All About Content

Female Bloggers Dodge Harassment, Threats

Posted by Melanie Phung on Tuesday, May 1, 2007 at 11:26 pm

Very disturbing article in the Washington Post yesterday. According to Sexual Threats Stifle Some Female Bloggers, “women, who make up about half the online community, are singled out in more starkly sexually threatening terms — a trend that was first evident in chat rooms in the early 1990s and is now moving to the blogosphere.”

The author of the wonderful blog Creating Passionate Users is facing death threats. She’s just one of innumerable numbers of women who have stopped blogging or participating in online communities because of intimidation and sexual threats. The moral dilemma for me is that she says the more attention she’s getting, the worse it gets. I’m struggling over whether we other bloggers should drop the subject entirely and get her name out of the spotlight. But this is an important issue to me and I think it needs to be discussed — and nothing I say or don’t say will change this situation. What makes some people so vile? And what is it about the anonymity of the Web that turns already-vile people into full-blown sociopaths? And, specifically, whence this hostility toward women? And why?!

Some people critize female bloggers who decide to exit the space after being threatened and harassed as being thin-skinned; they say it’s “just talk”. I think those people probably have pretty poor instincts.

It reminds me of an interesting aphorims I read once: In The Gift of Fear (a book I haven’t read but have seen referenced many times), Gavin De Becker says that at core, men are afraid that women will laugh at them; and at core, women are afraid men will kill them.
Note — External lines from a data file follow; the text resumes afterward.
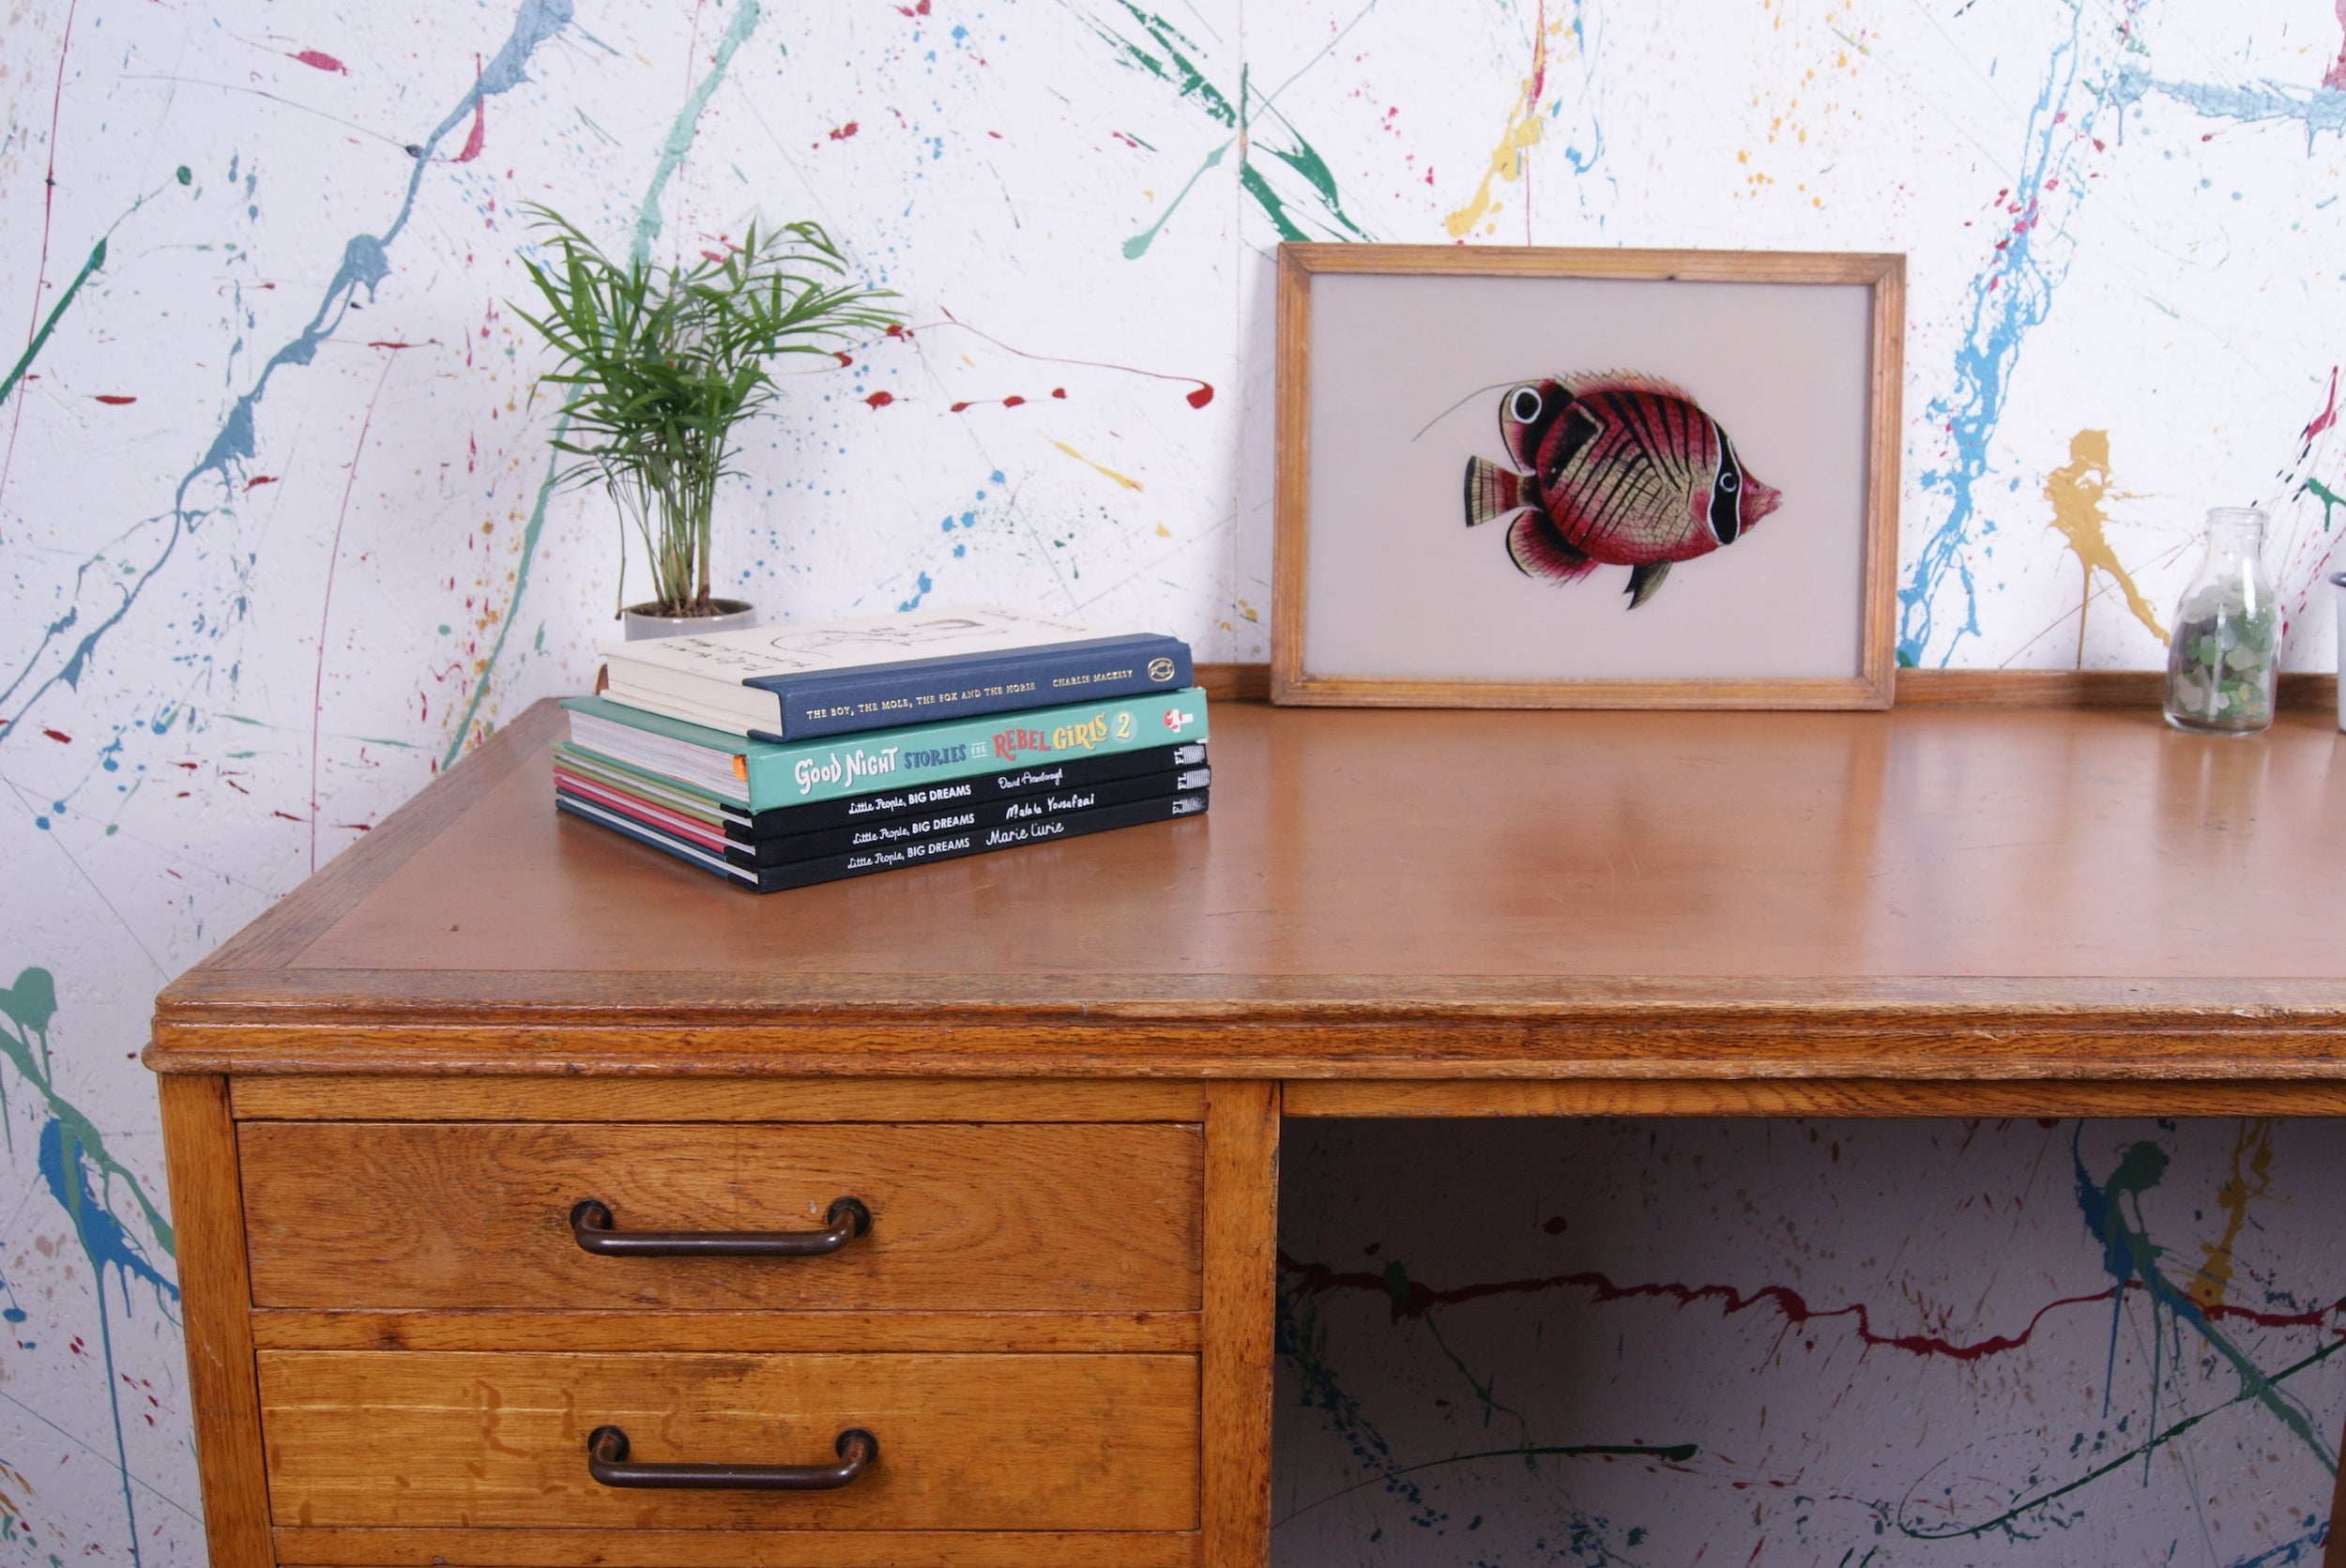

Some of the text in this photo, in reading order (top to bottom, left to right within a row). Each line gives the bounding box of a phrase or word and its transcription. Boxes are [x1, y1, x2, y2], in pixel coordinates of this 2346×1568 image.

[1053, 675, 1090, 688] CHARLIE
[806, 681, 1036, 720] THE BOY, THE MOLE, THE FOX AND THE HORSE
[904, 744, 967, 769] STORIES
[992, 728, 1051, 761] REBEL
[1052, 713, 1107, 751] GIRLS
[1117, 711, 1131, 739] 2
[998, 777, 1021, 789] David
[848, 784, 971, 814] Little People, BIG DREAMS
[1005, 793, 1095, 819] Malala Yousafzai
[853, 813, 975, 845] Little People, BIG DREAMS
[986, 822, 1064, 845] Marie Curie
[847, 837, 970, 869] Little People, BIG DREAMS
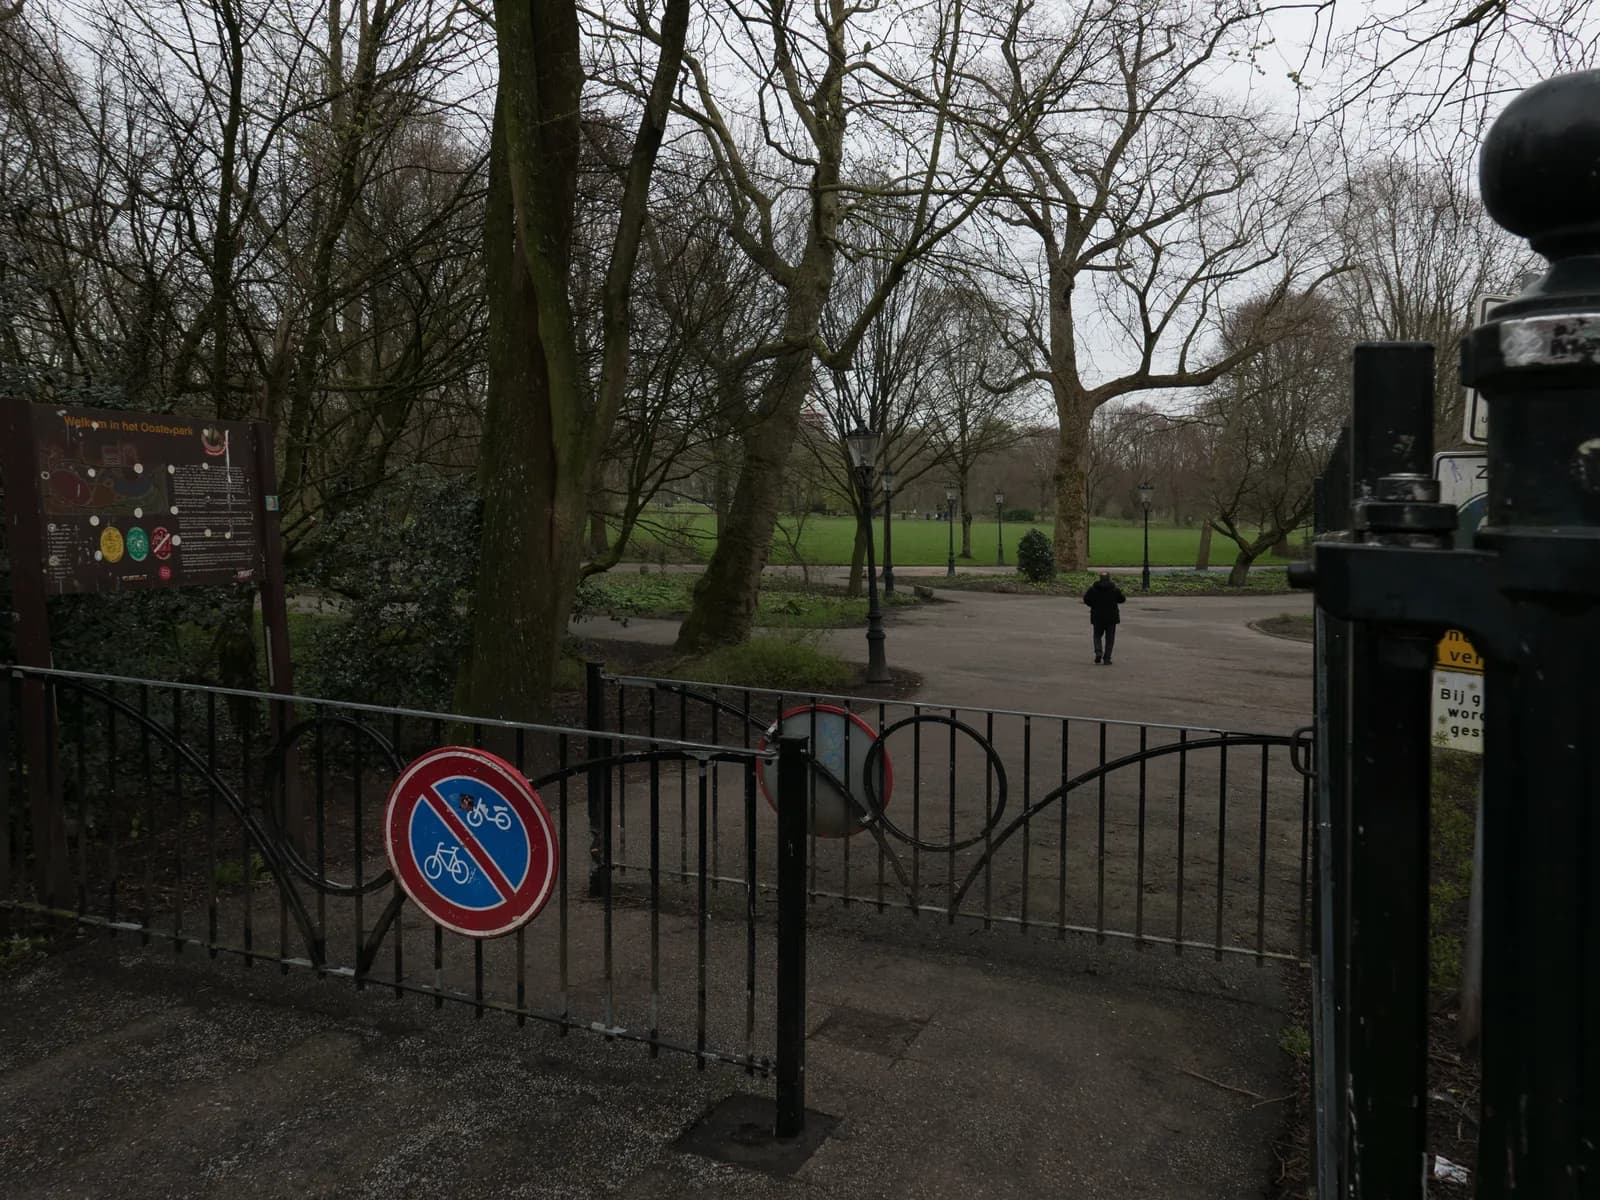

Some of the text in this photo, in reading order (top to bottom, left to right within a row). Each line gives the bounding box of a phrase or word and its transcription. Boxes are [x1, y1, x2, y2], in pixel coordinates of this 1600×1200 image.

[64, 416, 106, 429] Welkm
[110, 420, 120, 429] in
[123, 420, 138, 431] het
[1441, 688, 1464, 705] Bij
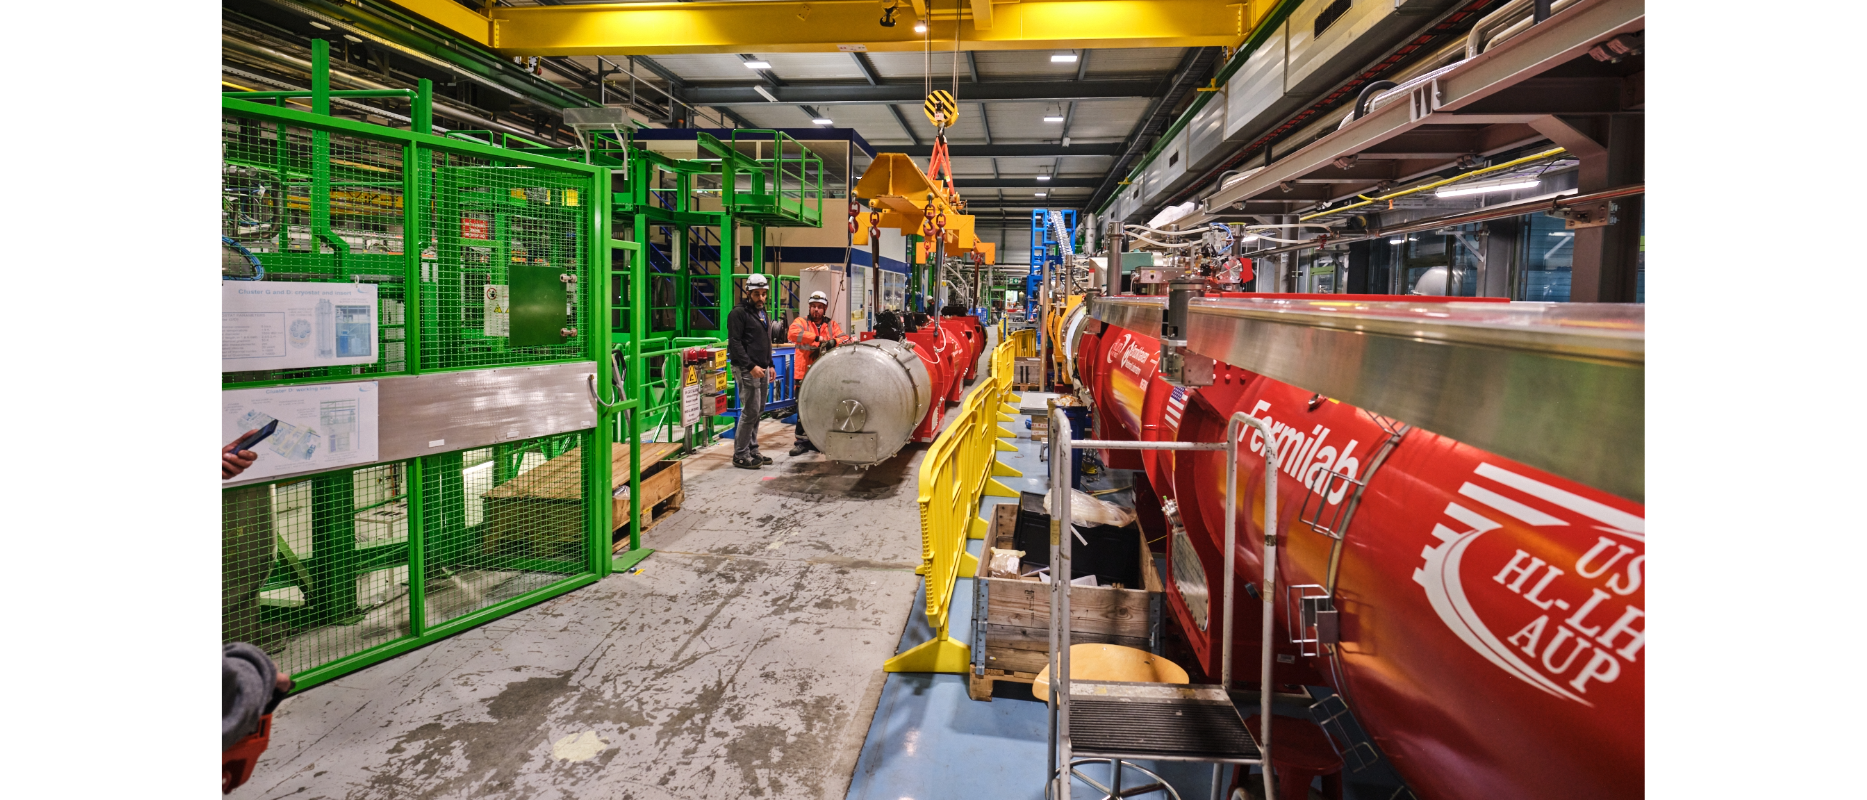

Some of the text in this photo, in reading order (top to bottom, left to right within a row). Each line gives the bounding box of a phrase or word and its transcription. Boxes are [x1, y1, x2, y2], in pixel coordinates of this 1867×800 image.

[294, 289, 320, 297] cryostat
[1238, 399, 1359, 505] Fermilab
[1575, 536, 1645, 595] US
[1507, 614, 1621, 693] AUP
I don’t know anyone who’s laughing.

Updated May 7, 2007:
Slate has an article that mirrors some of my thoughts on the issue (i.e., why “just ignore it” isn’t an actual solution to the problem).


Comments (2)

Category: Blogging,User Behavior


Comment by Johnny

Made Wednesday, 2 of May , 2007 at 1:12 pm

“Some people criticize female bloggers who decide to exit the space after being threatened and harassed as being thin-skinned; they say it’s “just talk”. I think those people probably have pretty poor instincts.”

I would never critcize a female blogger for exiting because in the end, it’s her call. But it is “just talk”. It’s a low risk event, made even lower by the fact that the people have left trails talking about it — trails that can only lead back to them. So they are unlikely to do anything now, if they were likely to have done something they would have done it. Which may not be a comforting thought to women, but it’s true act when choosing behind trying to get attention by threats and actually doing something. These threateners just want attention not to do anything real.

She is still much more likely to be hurt in a traffic accident than she is by anyone threatening her through the comments of her blog and other blogs in this fashion.

Ignoring them is the best way to handle them, reacting to them is the worst.

Comment by Melanie Phung

Made Wednesday, 2 of May , 2007 at 2:09 pm

I do have sympathy for your point of view. And that’s generally how I feel about low-level bullying that just rises to the level of annoying. But sexually-explicit death threats are, IMO, in a different category.

The point isn’t really whether to react to the threats or not, or that the police might be able to trace the harassers via IP address if something did happen.

Kathy herself sums it up well:
“It really doesn’t make much difference whether the person intends to act on the threat… it’s the threat itself that inflicts the damage.

While I understand that it’s statistically probably that I’ll be in (another) traffic accident sometime soon, this thought doesn’t carry with it the sort of psychological terror that comes from knowing there are people “just talking” about torturing you. For every hundred people who “just talk” there’s probably one person who’d act on that sort of encouragement from an anonymous mob. And these people are posting her photo and address everywhere… I don’t know how one is supposed to ignore that. The odds of being stalked may be statistically low for any one individual in society, but that doesn’t mean it isn’t a very real and present danger for certain people who are singled out for whatever reason.

It just makes me sad that this is the level of discourse the Web fosters (among other, more “noble” things, too, of course).

Sorry, the comment form is closed at this time.